The Answer honestly depends on the budget and what kind of applications you want to run.

If you have around 17K for CPU+Mobo then go with the i5 2500K and P67 motherboard. If you are on a tight budget, then you can get a Phenom2 955+AM3 motherboard for around 12-13K.

If you are into photo/video editing, 3D rendering, audio editing etc, then don't opt for AMD.

For gaming, if you play RTS like Warcraft, Starcraft, Supreme Commander etc, which need powerful CPU for AI, the i5 2500K beats the AMD CPUs by a very large margin.

For other games though, the differences are not so stark, and you can use the money saved to invest in a higher end GPU. The difference is enough to upgrade from a Geforce 560 to 570, for e.g.
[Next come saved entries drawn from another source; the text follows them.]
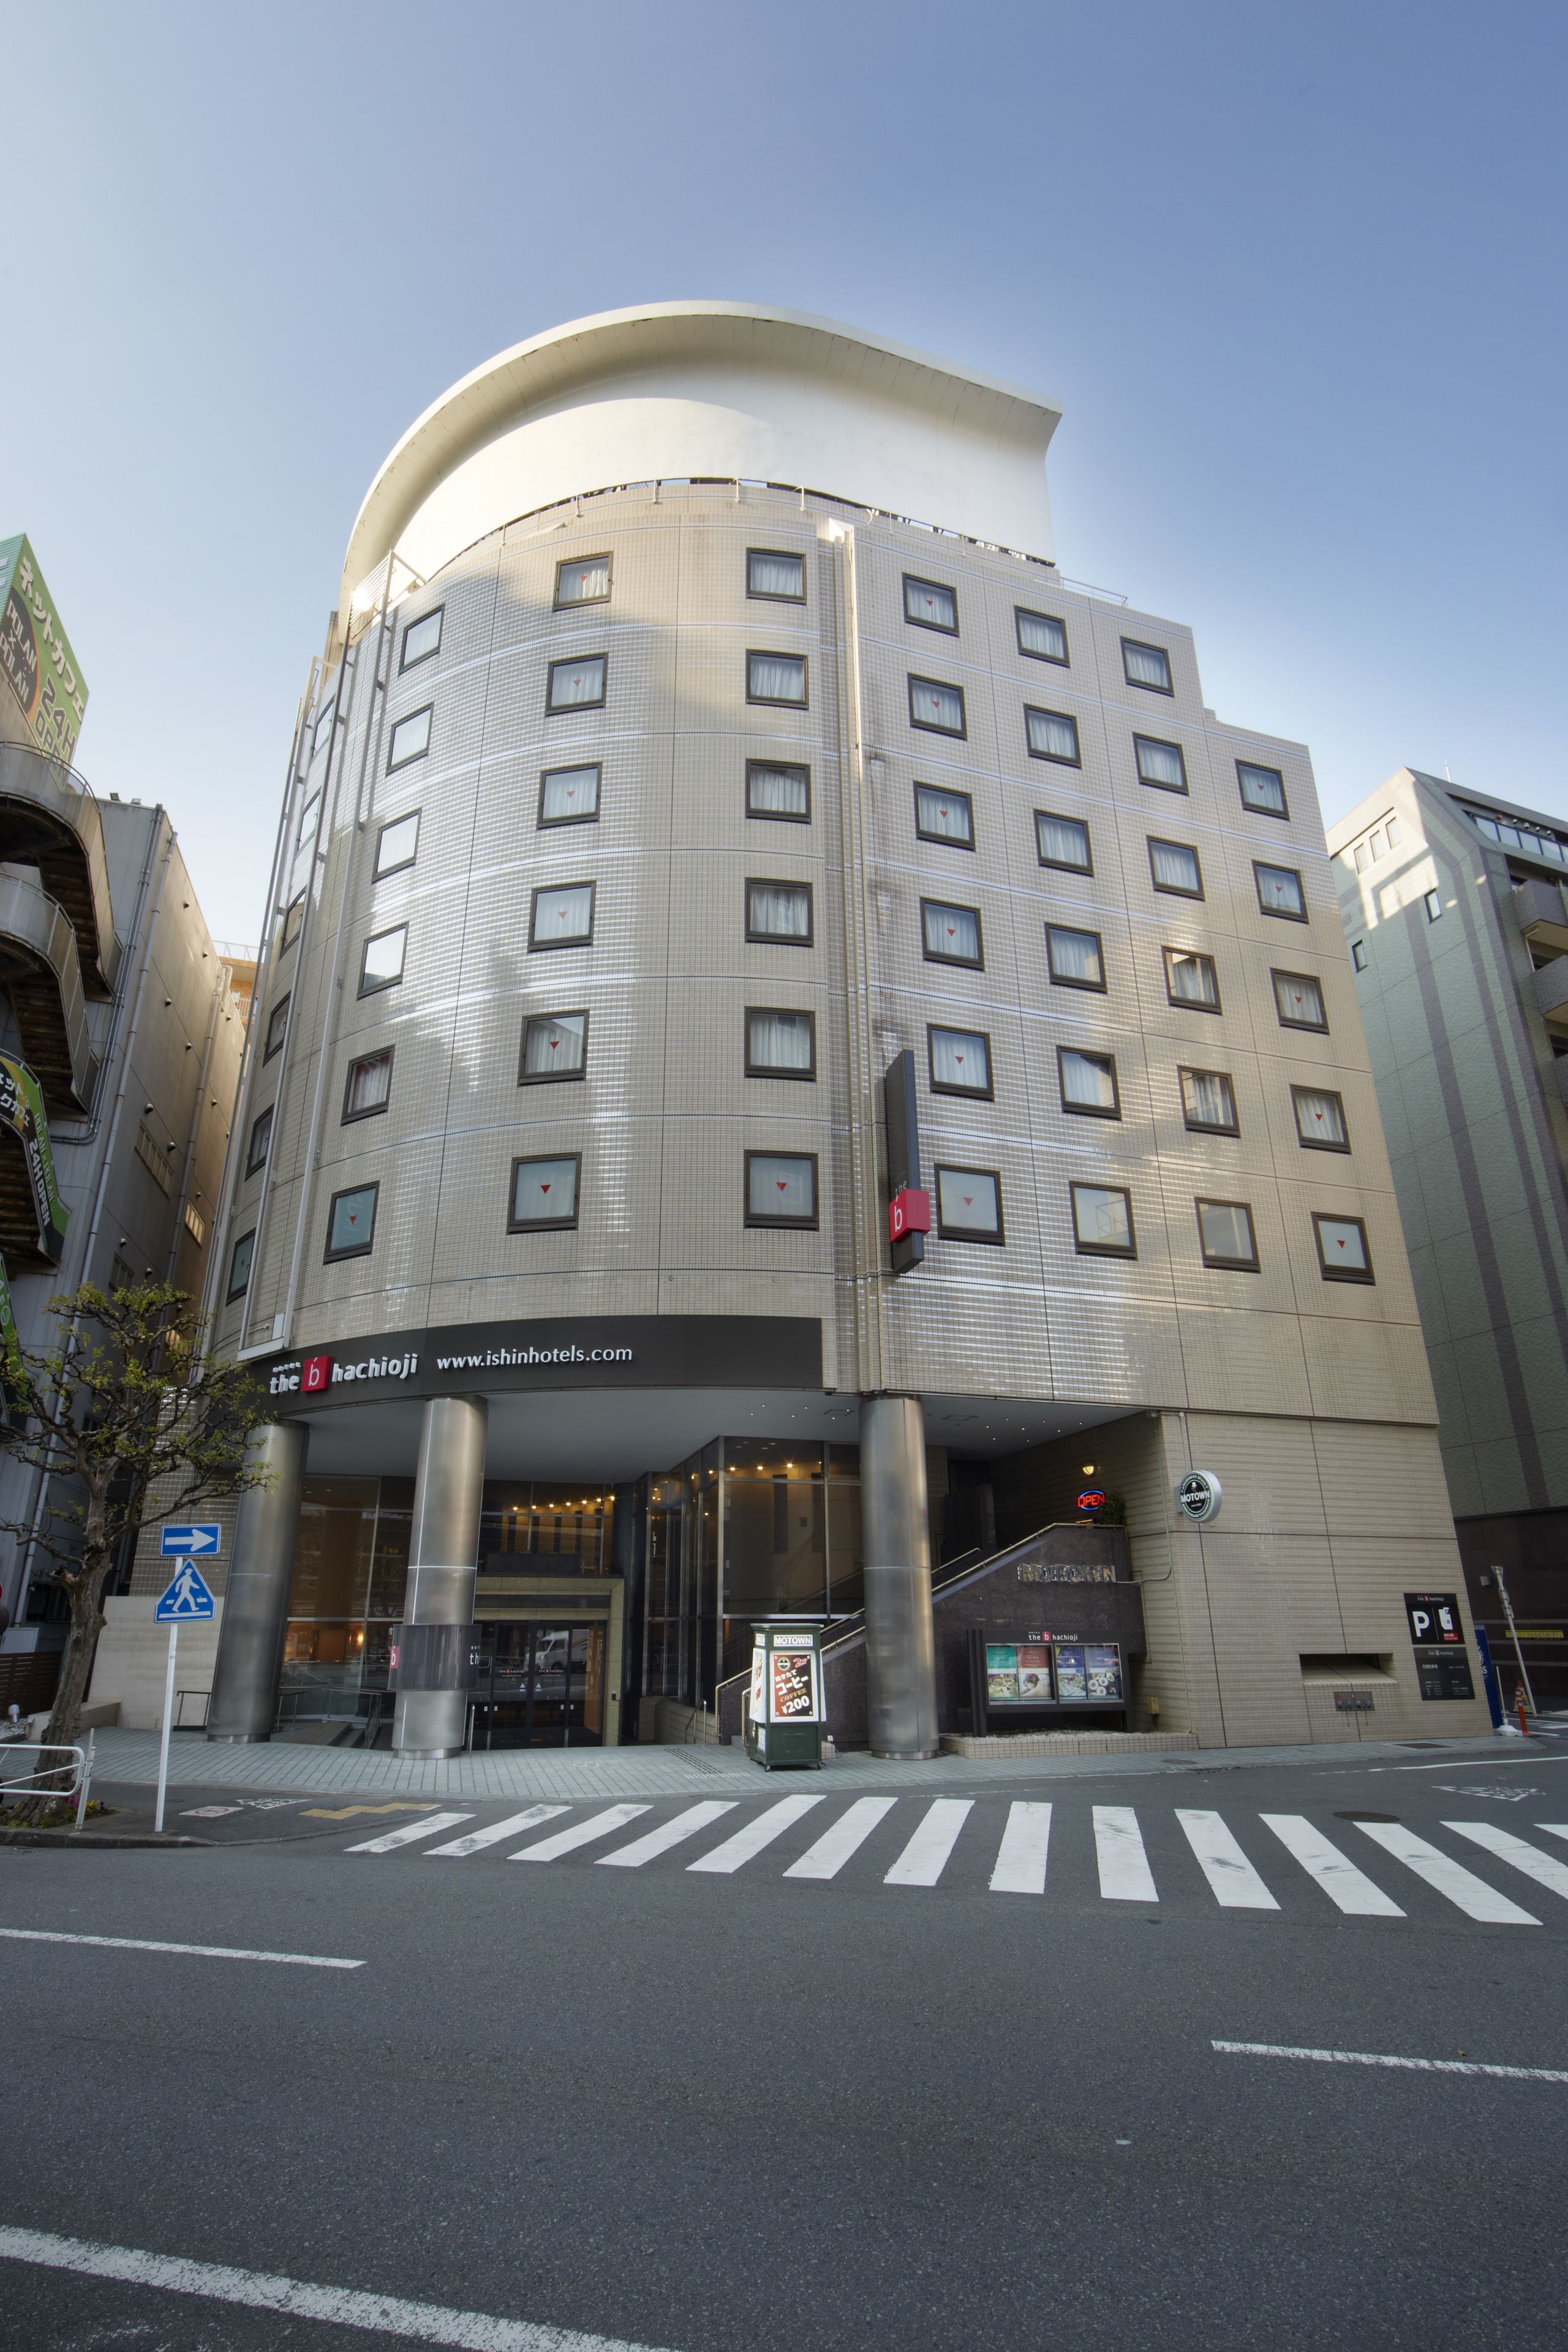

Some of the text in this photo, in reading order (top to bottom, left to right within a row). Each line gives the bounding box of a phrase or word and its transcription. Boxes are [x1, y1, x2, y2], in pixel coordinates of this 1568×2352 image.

[20, 556, 84, 723] ネットカフェ
[40, 673, 77, 769] 24H
[437, 1345, 632, 1369] www.ishinhotels.com
[270, 1374, 300, 1394] the
[332, 1353, 418, 1379] hachioji
[1078, 1494, 1105, 1507] OPEN
[1180, 1490, 1210, 1502] MOTOWN
[1412, 1611, 1430, 1637] P
[774, 1636, 811, 1645] MOTOWN
[776, 1675, 809, 1695] コーヒー
[780, 1687, 807, 1703] COFFEE
[782, 1695, 810, 1714] ¥200
Overall though, for performance, efficiency and value for money, the I5 25xx and above are the best choices, but for people on tight budgets, AMD offers very good options.

Think and Decide

---------- Post added at 02:13 PM ---------- Previous post was at 11:26 AM ----------

And honestly, 80% of the software out there (and 90% of games) don't use more than 2 cores, even lesser use quad cores. So 6 cores might sound more future proof, but remember that quad cores have been around for a while now.

by the time software starts making use of 6 cores, there will be much better CPUs out there. so for the next 2 years at least, get the best quad core that can fit in your budget.


----------



## Bhav (Mar 4, 2011)

thanks for the help


----------



## ravipillai (Mar 6, 2011)

Yes I agree with *rchi84* go for it and it would be helpful in the future.
RP Infotech


----------



## vickybat (Mar 6, 2011)

Amd offers good value but upto a certain limit. As *rchi84* mentioned a 955be+am3 mobo @ 12-13k is not at all a good deal as one can get a i5 2400 + h67 mobo @ 14.5k. The latter is way way faster , consumes less power and is phenomenally cool. Buying an amd based processor at a budget of sandybridge cpu's is utter foolishness now.

Buying high end amd's will make sense when bulldozer arrives (hopefully). But it will have a more tougher opponent to beat (socket 2011) than current sandybridge cpu's.

Only the athlon x4's make sense now in a 30-35k budget and theu give you an option to fit in a good midrange gpu like 6850 to fit in that budget which is not possible with sandybridge at that budget.


----------



## Piyush (Mar 6, 2011)

^^agree with that

and whats that about socket 2011?


----------



## william (Mar 16, 2011)

i7 2600k go for it!!


----------



## YatharthRai (Mar 27, 2011)

Well, going with AMD is a better option, btw, whats your budget? You can buy an 8 core processor or 12 core processor(both are server processors btw.). If your current interface is LGA, then go with Intel but if AM then go with AMD. AMD's a cheaper yet faster option.


----------



## topgear (Mar 28, 2011)

^^ what server cpus you are talking about ?? Server cpus don't worth the premium you pay for it if your primary need is gaming 

AMD cpus offers supreme value for money granted - but for gaming ( as I said before many times ) nothing beats a core i7 2600k when OCed with a good cooler and a P67 mobo.

The only reson for which Op can wait may be the release of AMD's bulldozer platform or the release of Z68 chipset with some minor price drop in current SB cpus line up


----------



## YatharthRai (Mar 28, 2011)

Digit Team created an ultimate gaming rig in December Issue, I think that's the best gaming config rig yet.


----------



## ico (Mar 28, 2011)

I think this thread had already lived its course.


----------